The following morning, the headache was much worse. It woke me up in the early hours of the morning so I got up and took some tablets, and then went back to sleep. I got up a few hours later and went to the kitchen to make myself some breakfast so I could take some more tablets. As I went to enter the kitchen, a wave of nausea hit me. I held on to the kitchen doorway, determined not to vomit. I looked up the stairs towards the bathroom. Would I make it up there if I was sick? I looked forward to the kitchen sink – maybe that was the easier option? No, that’s disgusting, I thought. I fought this last night. I can do this again. I have not thrown up from any treatment since I began two years ago. The chemotherapy never made me sick. I’m not about to give in now and start being sick. I stood in the doorway for several minutes waiting for the nausea to pass. Finally, I thought I could move again. I took one step forward and projectile vomited all over the kitchen floor. Twice. Game over. Marnie loses.

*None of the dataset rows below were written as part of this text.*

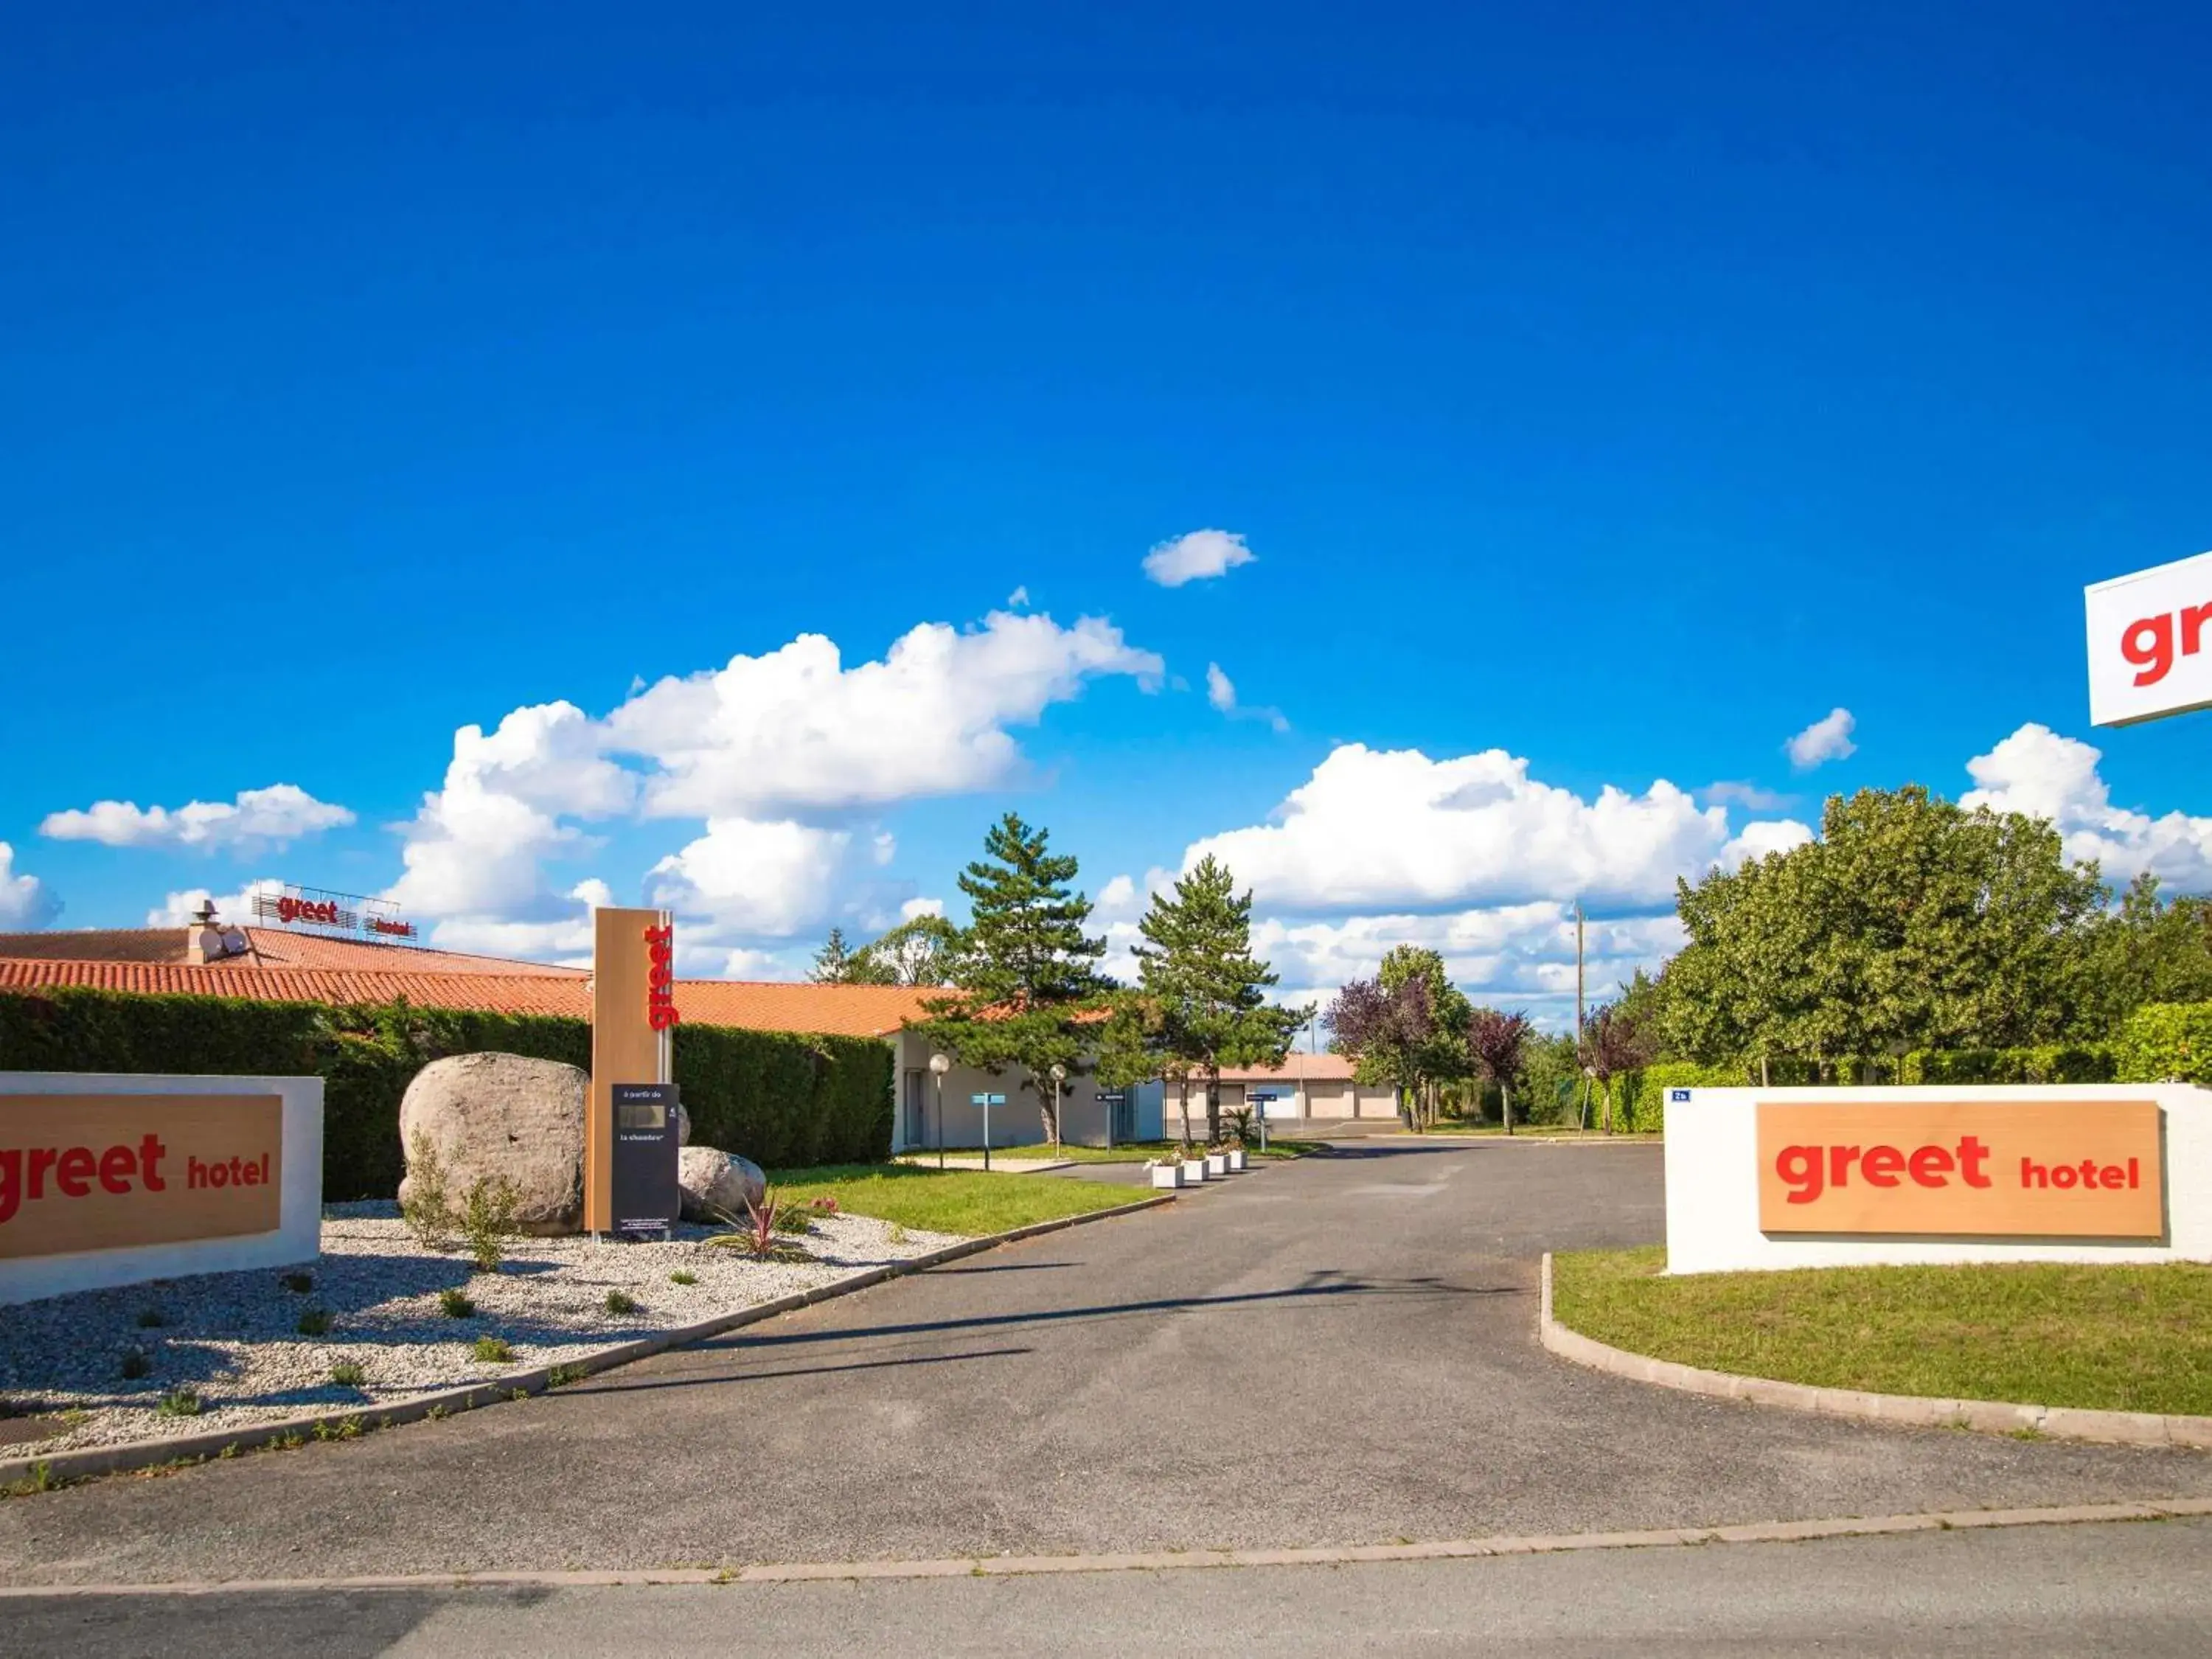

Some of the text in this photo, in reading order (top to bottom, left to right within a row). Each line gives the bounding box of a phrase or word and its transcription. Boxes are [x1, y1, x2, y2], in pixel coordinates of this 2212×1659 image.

[277, 897, 408, 936] greet hotel
[644, 925, 680, 1030] greet
[187, 1153, 270, 1189] hotel
[1775, 1135, 2140, 1203] greet hotel
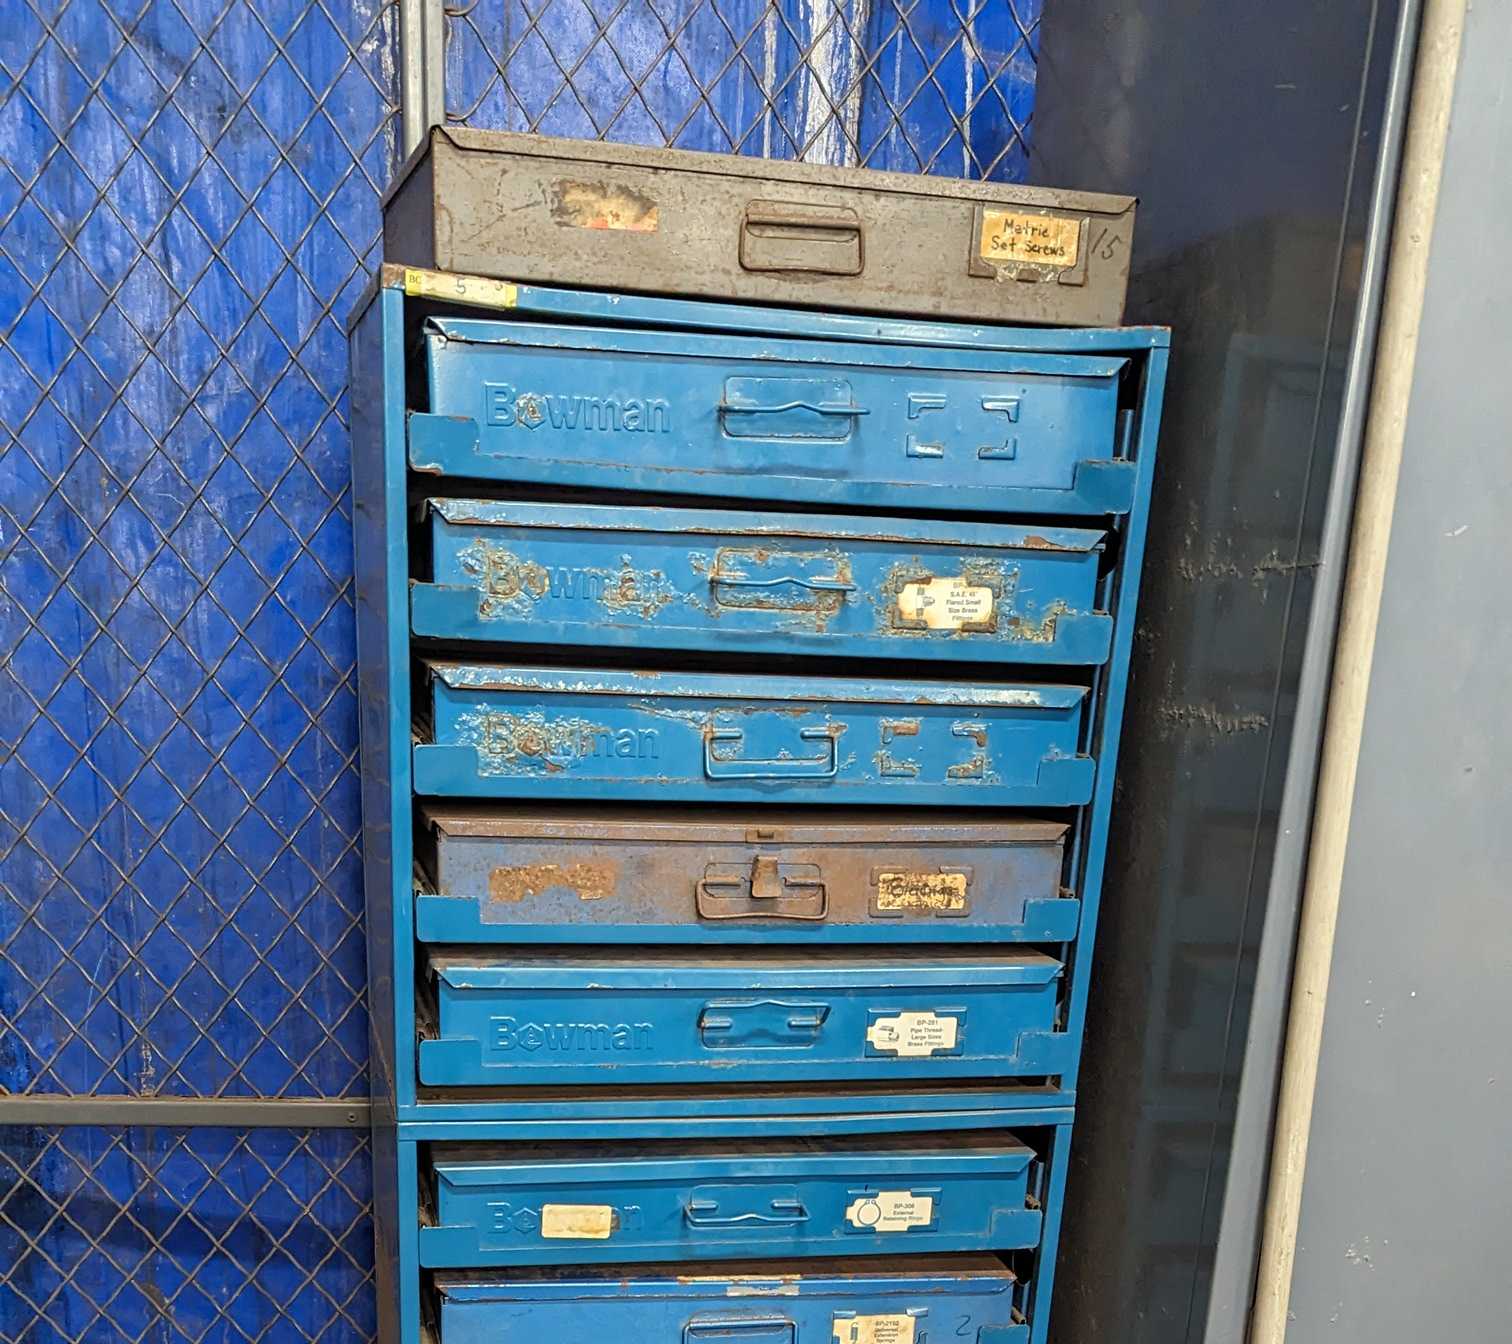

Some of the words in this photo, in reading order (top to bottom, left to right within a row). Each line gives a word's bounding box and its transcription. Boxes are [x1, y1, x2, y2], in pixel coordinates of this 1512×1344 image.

[1003, 218, 1050, 237] Metric
[991, 235, 1017, 253] Set
[1091, 227, 1123, 260] 15
[456, 279, 466, 295] 5
[484, 381, 669, 432] Bowman
[487, 1015, 655, 1051] Bowman

So began a delightful morning of being sick and having a severe headache. I rang my nurse at the radiation oncology unit and she spoke to my doctor who advised I should start back up on a higher dose of steroids. So I did and by the next day I was feeling much better. It appeared it was just some post-stereotactic radiosurgery swelling causing the problem so we just needed to manage the swelling with the steroids. After a few days, we started to reduce my dosage.
That’s what I was in the process of doing when I got sick in the Barossa. Now, it appears that the headaches, balance and double vision problems are not necessarily from reducing the steroid dosage too quickly, but because one of the lesions has continued to grow and there is a build-up of fluid that is putting pressure on parts of my brain. That, combined with the swelling from the stereotactic radiosurgery, is a problem that could become very serious (what the neurosurgeon called life-threatening) if we don’t take this cystic lesion out.
So that’s why I’m having brain surgery in the morning. We’ll get this little sucker out and I will start to feel better. I will be able to see properly with both eyes open again! I will hopefully get my balance back and the headaches will gradually go away as the brain swelling goes down.
I will get back to normal and once I am healed I can start chemotherapy again and we can concentrate on knocking out the tumours in my liver and lungs, which unfortunately continue to grow and get bigger. It’s not ideal to take a break from chemotherapy at the moment, but I have no choice. My brain takes priority right now and I can’t start chemo again until it is completely healed.